Spatial Theory and Spatial Languages
He organized with David M. Mark the NATO financed conference "Cognitive and Linguistic Aspects of Geographic Space" in Las Navas del Marqués.

He published two articles "Qualitative spatial reasoning about distances and directions in geographic space" and "Qualitative spatial reasoning: Cardinal directions as an example".

Ontology for GIS
Together with Sabine Timpf he published "Multiple representations for cartographic objects in a multi-scale tree—An intelligent graphical zoom" and refined the ideas to "Tiers of ontology and consistency constraints in geographical information systems". With Peter A. Burrough he edited a book collecting contributions on "Geographic Objects with Indeterminate Boundaries".

Land Tenure
Andrew Frank was involved in a number of international cadastral projects, most importantly a project funded by the U.S. AID to introduce a cadastre in Ecuador.

Advisees
Andrew Frank "has supervised nearly 40 PhD students, many of whom are now leaders in GIScience", among others:
Yvan Bédard (Prof. em., Laval University; first advisor Earl F. Epstein)
Max Egenhofer (Prof. of Geoinformation, University of Maine)
Alenka Krek Poplin (Prof., Iowa State University)
Sabine Timpf (Prof. of Geography, University of Augsburg)
Martin Raubal (Prof. for Geoinformation-Engineering, ETH Zürich, and Prof. of Geography, University of California, Santa Barbara)
Thomas Bittner (Prof. of Geography, University at Buffalo)

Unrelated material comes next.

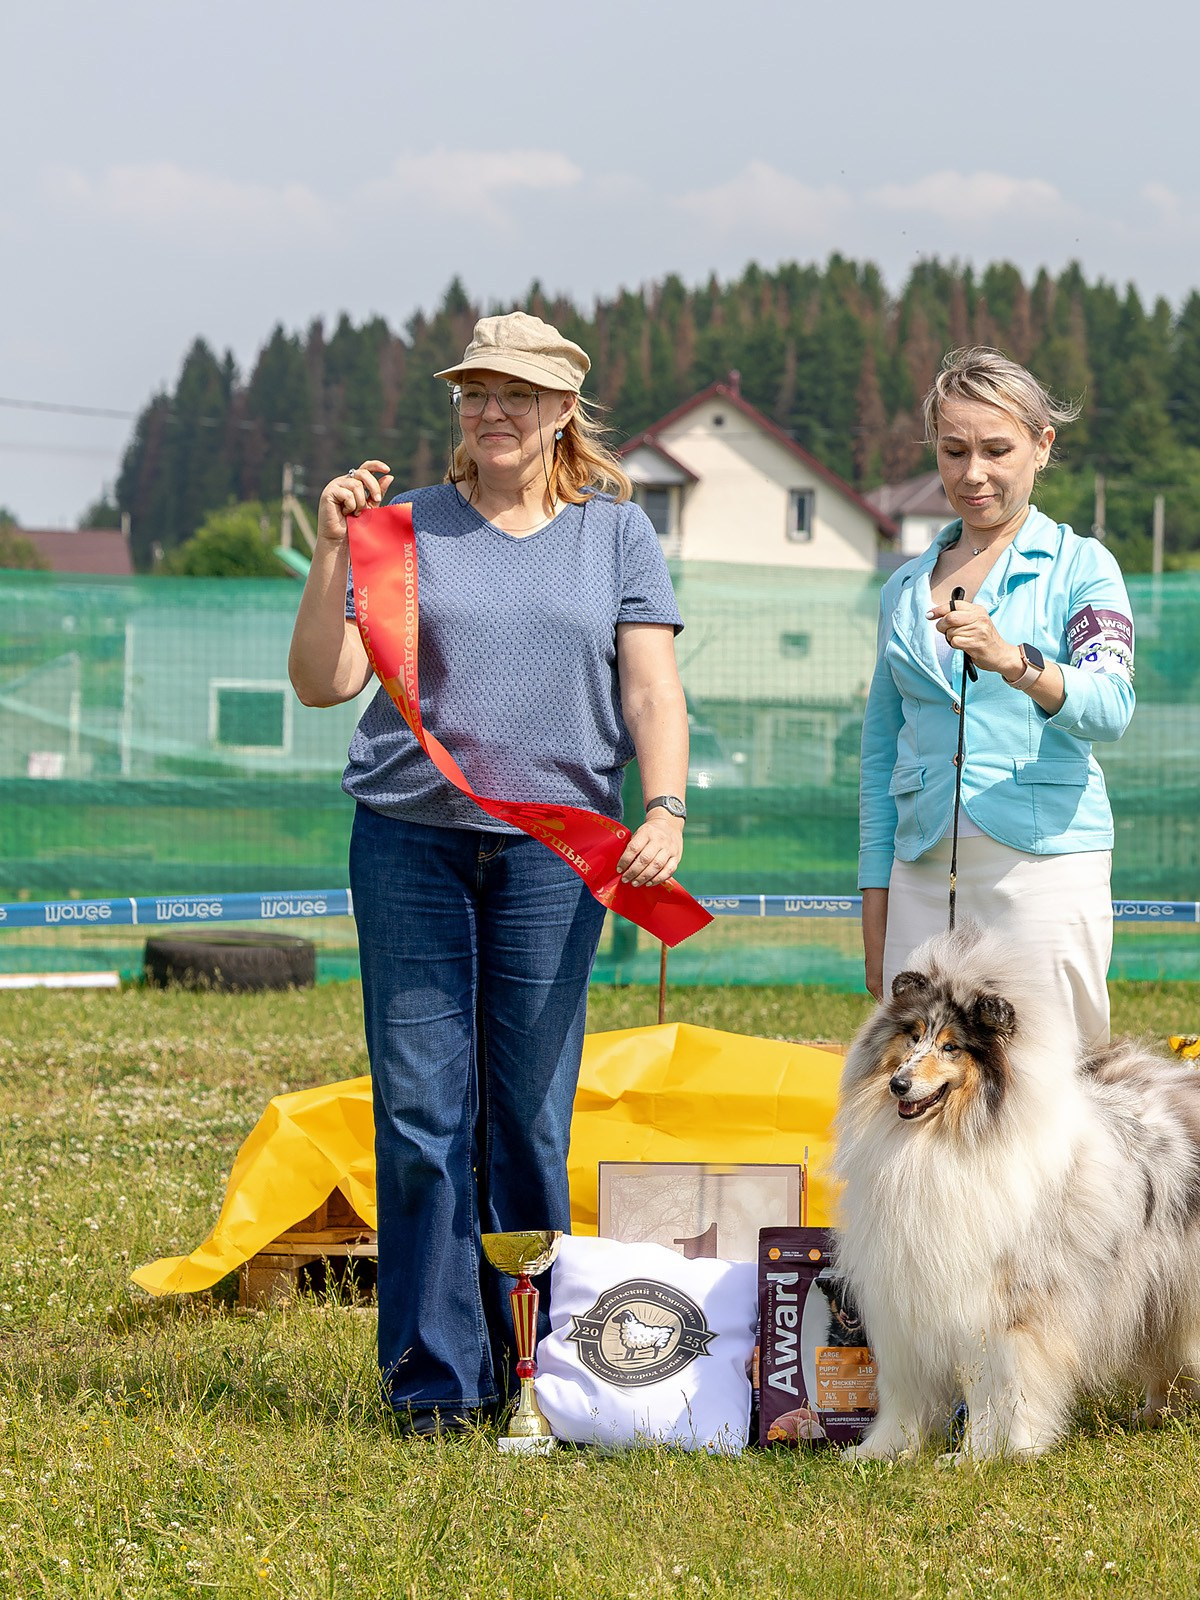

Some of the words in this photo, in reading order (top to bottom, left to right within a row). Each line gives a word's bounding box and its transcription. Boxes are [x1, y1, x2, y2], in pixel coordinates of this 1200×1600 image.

Further Ph.D. students of the recent years include:
Farid Karimipour: A Formal Approach to Implement Dimension Independent Spatial Analyses
Rizwan Bulbul: AHD: Alternate Hierarchical Decomposition Towards LoD Based Dimension Independent Geometric Modeling
Franz-Benjamin Mocnik: A Scale-Invariant Spatial Graph Model
Paul Weiser: A Pragmatic Communication Model for Way-finding Instructions

Frank guided through habilitation:
Werner Kuhn (Prof., University of California, Santa Barbara) 
Stephan Winter (Prof. of Geomatics, University of Melbourne)
Takeshi Shirabe (Lecturer of Geoinformation, Royal Institute of Technology, Stockholm)

Services
Andrew Frank was one of the initial team to bring together the winning proposal for the 1988 award to the National Center for Geographic Information and Analysis, under the lead of David S. Simonnet and together with Mike Goodchild, Ross McKinnon, David M. Mark and others. He served as Associate Director of the National Center for Geographic Information and Analysis and lead the operations at the University of Maine.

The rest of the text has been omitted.